Piepsz A, Tamminen-Möbius T, Reiners C, Heikkilä J, Kivisaari A, Nilsson N J, Sixt R, Risdon R A, Smellie J M, Söderborg B
Department of Nuclear Medicine, C.H.U.Saint-Pierre, Brussels, Belgium.
Eur J Pediatr. 1998 Sep;157(9):753-8. doi: 10.1007/s004310050929.

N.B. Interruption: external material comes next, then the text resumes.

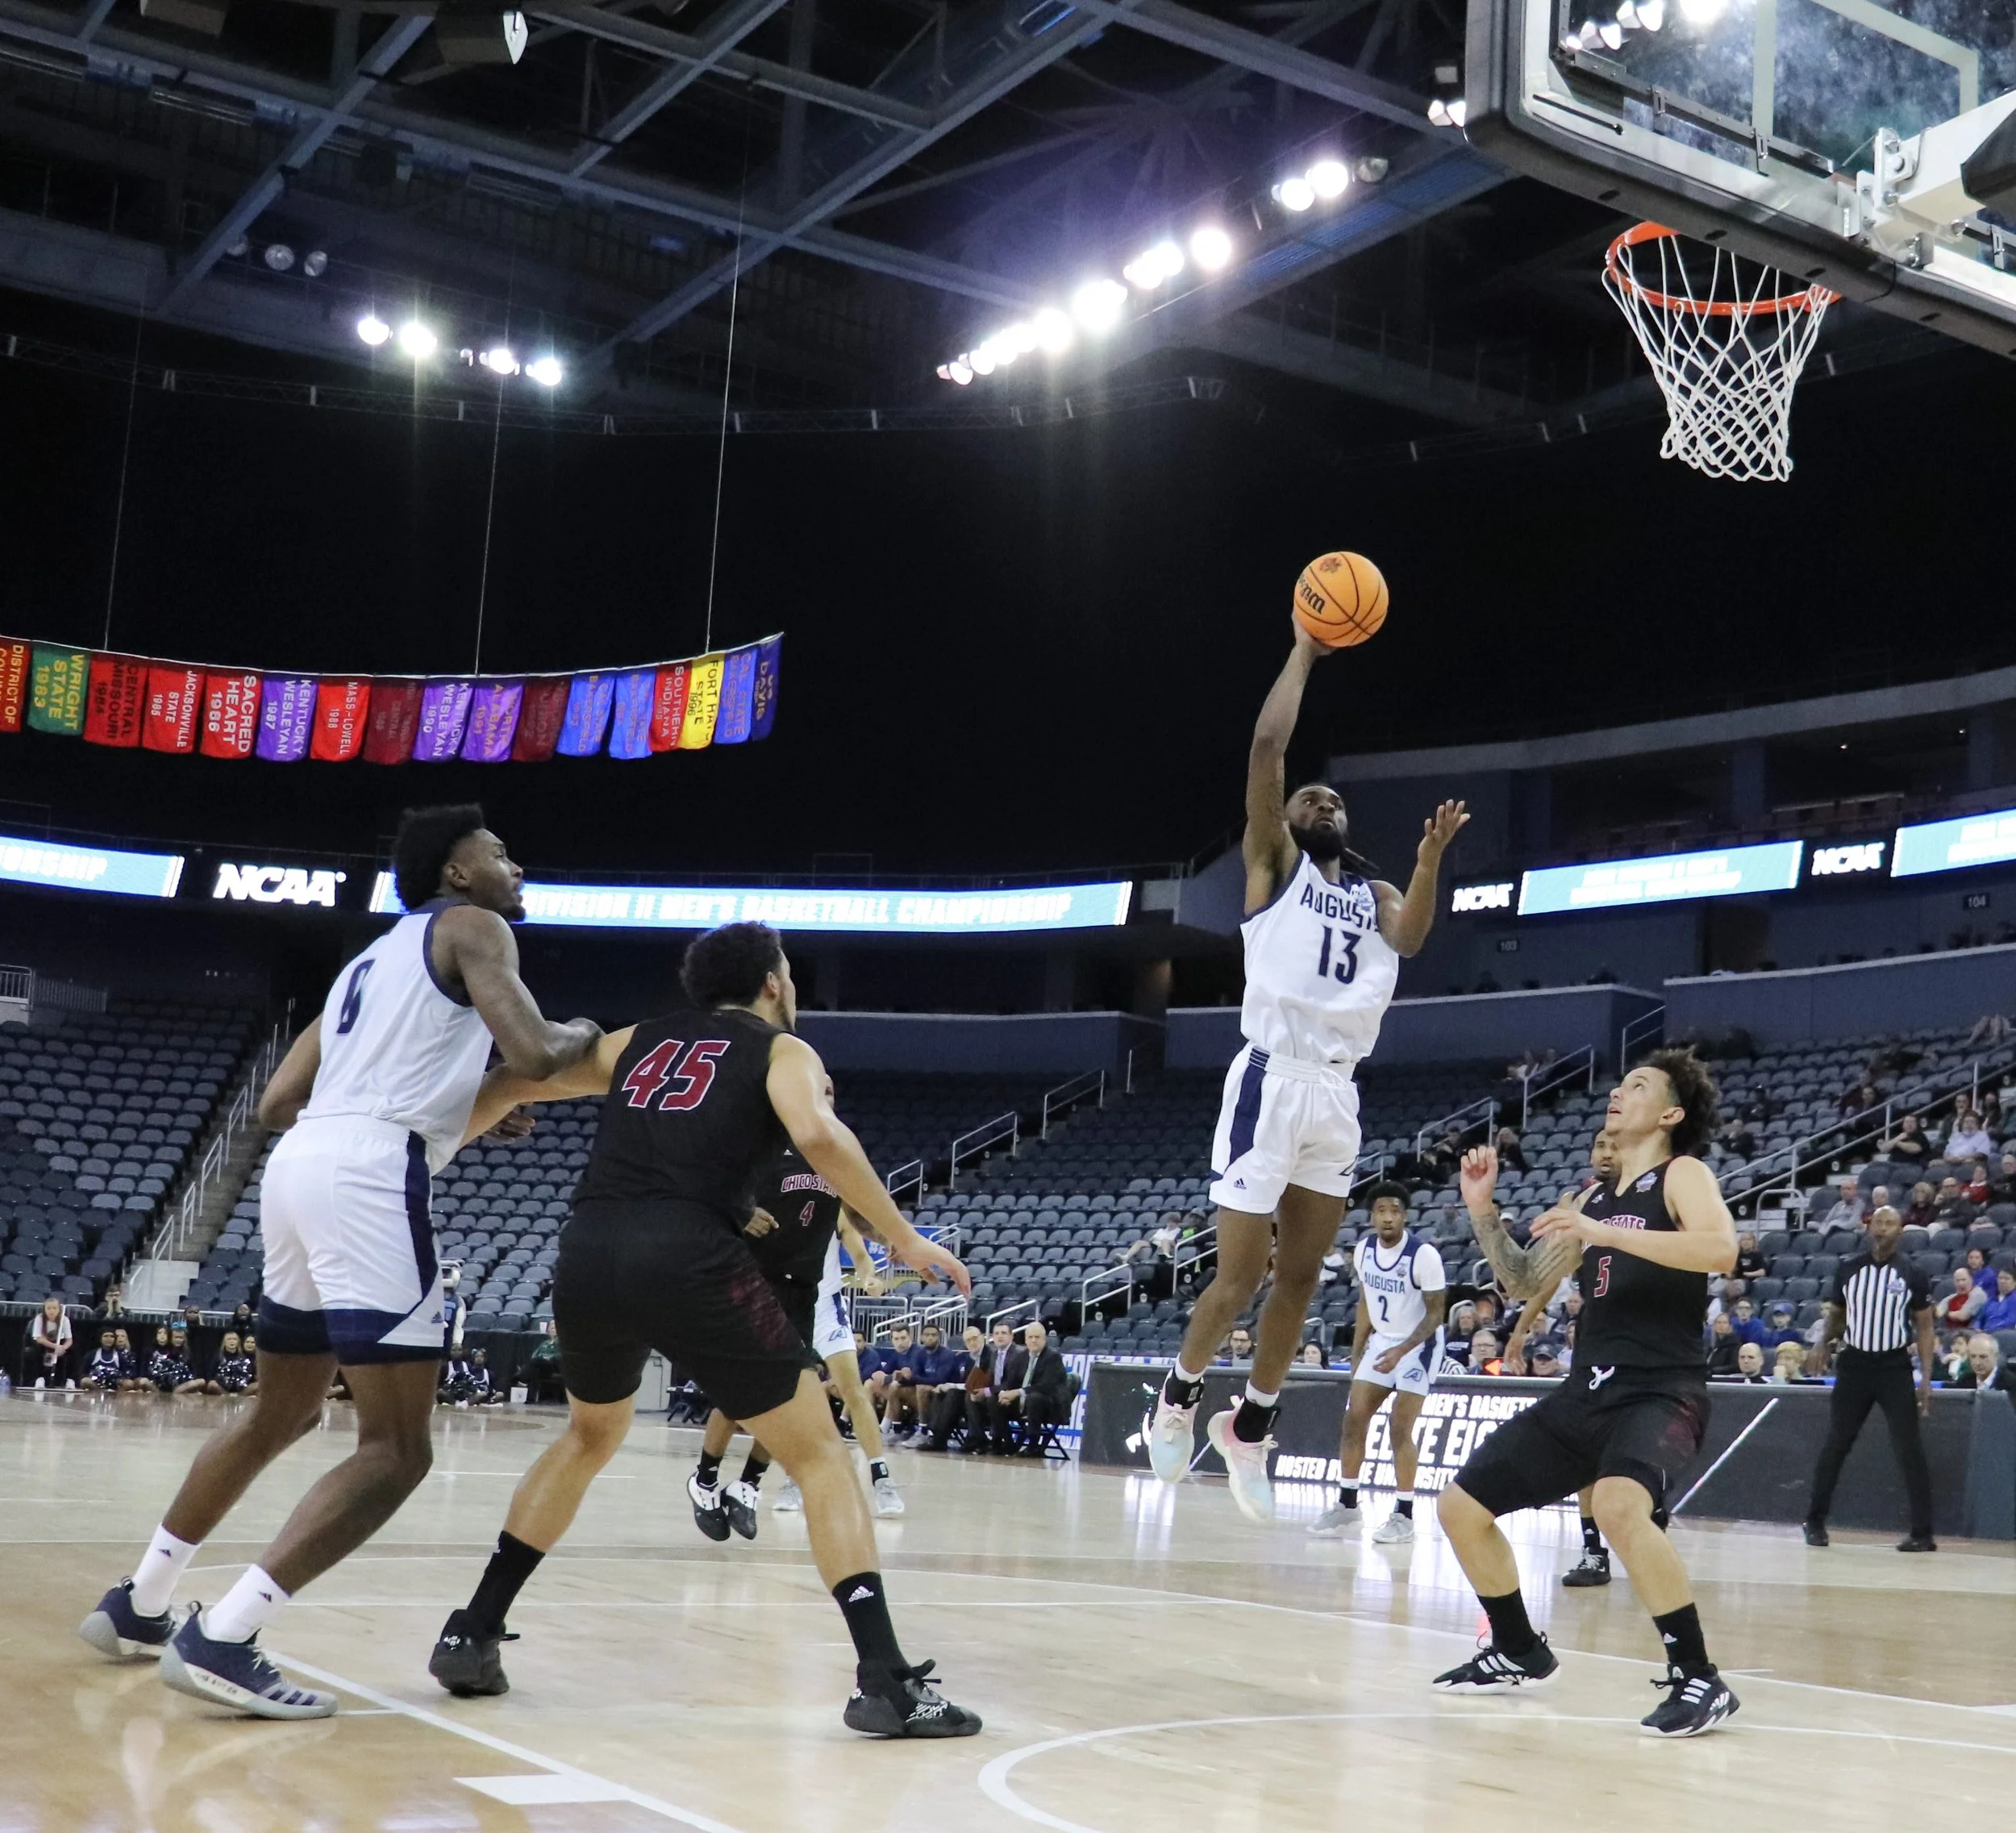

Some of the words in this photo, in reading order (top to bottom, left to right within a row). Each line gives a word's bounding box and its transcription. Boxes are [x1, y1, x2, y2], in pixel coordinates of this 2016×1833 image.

The results of serial dimercaptosuccinic acid (DMSA) imaging over 5 years are reported in 287 children with severe vesico-ureteral reflux entered into the European Branch of the International Reflux Study in Children. The children were randomly allocated to medical (n=147) or surgical (n=140) management and DMSA studies were performed during the follow up period at least 6 months after any urinary tract infection. Abnormal images were classified into four types: (1) large polar hypodensity with normal renal outline; (2) peripheral photon deficient defect(s) in a non-deformed kidney; (3) small renal image with normal contour; and (4) peripheral defect(s) with resultant irregularity of the renal outline. The DMSA findings were abnormal at entry in 235 (82%) with no difference in incidence or severity between the two treatment groups. During follow up, deterioration was observed in 25 medically and 23 surgically treated patients and comprised image deterioration alone in 17, image deterioration with corresponding reduction in differential function in 16 and reduction in relative function without image change in 15, with similar distribution between the two treatment groups. Deterioration was more frequent in children entering the study under the age of 2 years and in those with grade IV rather than grade III reflux. These findings, showing no difference in outcome between children managed surgically or medically, are consistent with the radiological results already published.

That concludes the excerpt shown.